Laboratory of Immunopathology and Cell Biology of Autoantigens (laboratory closed in April 2017)

Research Program

Type 1 Diabetes (T1D) in humans develops following an autoimmune destruction of pancreatic beta-cells in the islets of Langerhans. In earlier work, we and others identified three intracellular beta cell membrane proteins which are targeted by autoantibodies associated with beta cell destruction in humans. These include GAD65, the smaller isoform of the GABA synthesizing enzyme glutamic acid decarboxylase (GAD) and a tyrosine phosphatase, IA-2. Autoantibodies to those proteins can be detected in the blood long before clinical onset of T1D and they identify individuals at risk. Although T1D can be prevented in inbred animal models by development of antigen specific immune tolerance, such methods are currently not available in humans.

GAD65, IA-2, and ZnT8 are also expressed in CNS neurons, which, in contrast to beta cells, are protected behind the blood brain barrier. Never-the-less, GAD65 in CNS can become a target of autoimmunity resulting in a rare neurological disorder, stiff-man syndrome that affects GABA-ergic neurons. In contrast, the highly homologous isoform of GAD, GAD67, is not a target antigen in either disease. The two isoforms differ mainly in the N-terminal region that controls membrane targeting and trafficking of the proteins, suggesting that this region in GAD65 plays a role in its susceptibility to be targeted by the immune system.
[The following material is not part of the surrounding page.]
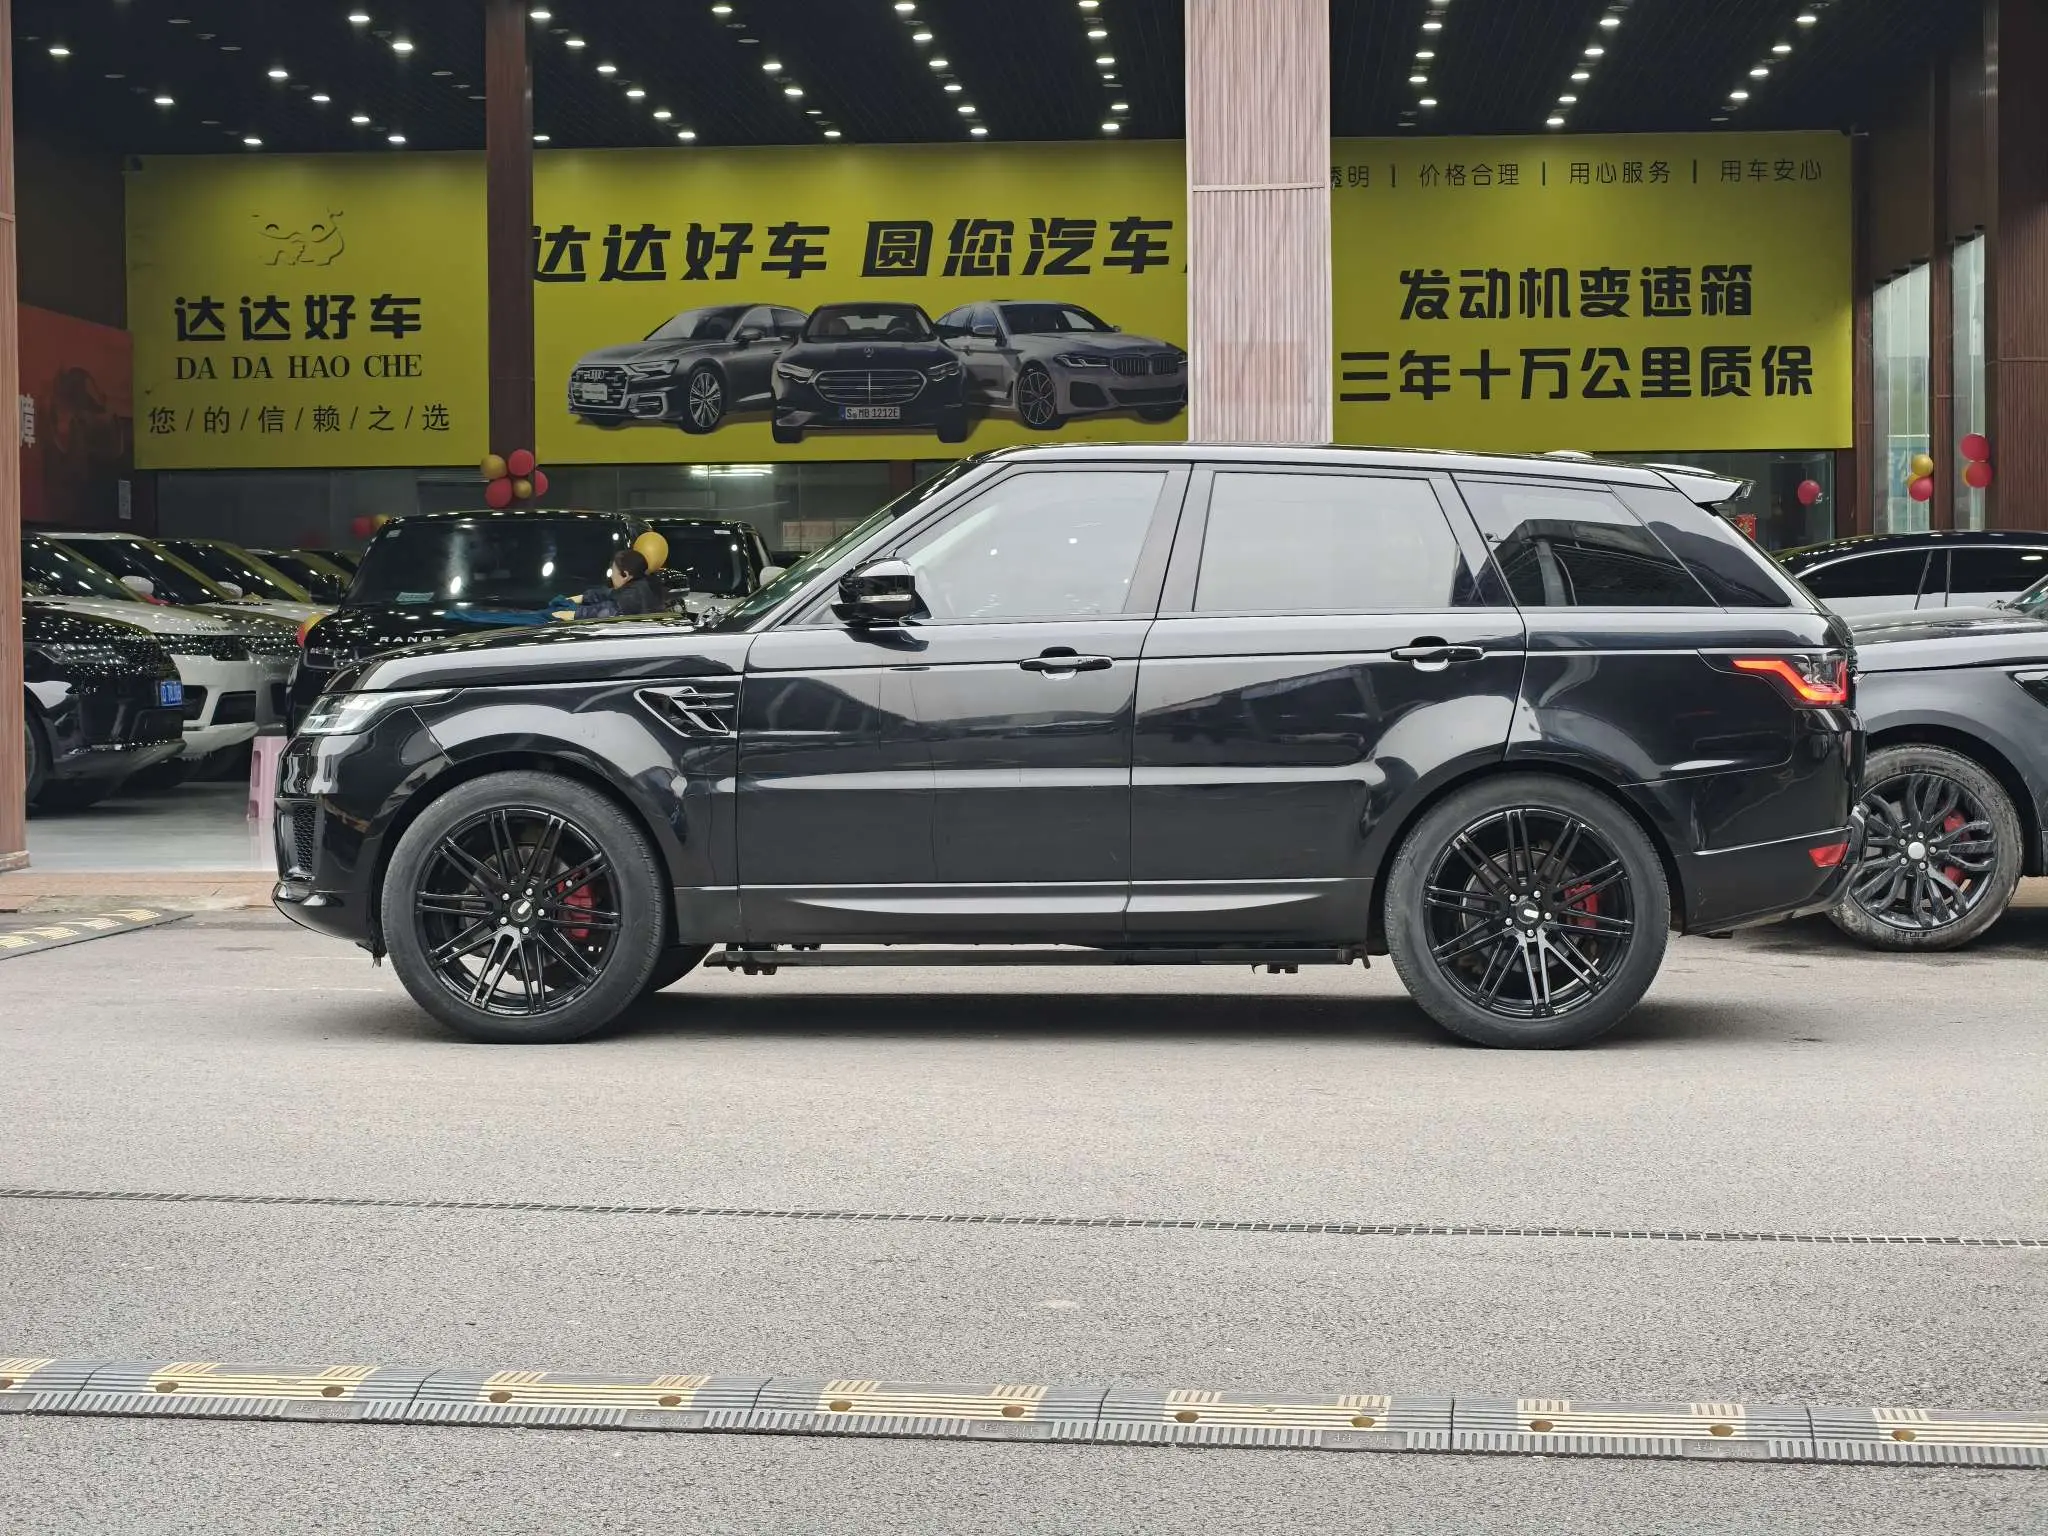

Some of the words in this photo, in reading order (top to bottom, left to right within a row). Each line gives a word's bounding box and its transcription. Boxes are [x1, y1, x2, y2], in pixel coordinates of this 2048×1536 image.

GAD65 is synthesized in the cytosol as a hydrophilic cytosolic molecule, which undergoes a series of hydrophobic post-translational modifications in the N-terminal domain to become membrane anchored at the cytosolic face of endomembranes. The modifications, include a reversible palmitoylation of cysteines 30 and 45. A palmitoylation-depalmitoylation cycle controls the spatial distribution of GAD65 in endomembranes and thus the localization of GABA synthesis.

Pancreatic beta cells have a well developed, extensive, and highly active ER, reflecting their role in synthesizing and secreting large amounts of insulin. Beta cells are unusually sensitive to ER stress. There is evidence to suggest that induction of ER-stress by cytokines secreted by inflammatory cells and other ER stressors play a role in the loss of beta cells that precedes clinical onset of Type 1 diabetes.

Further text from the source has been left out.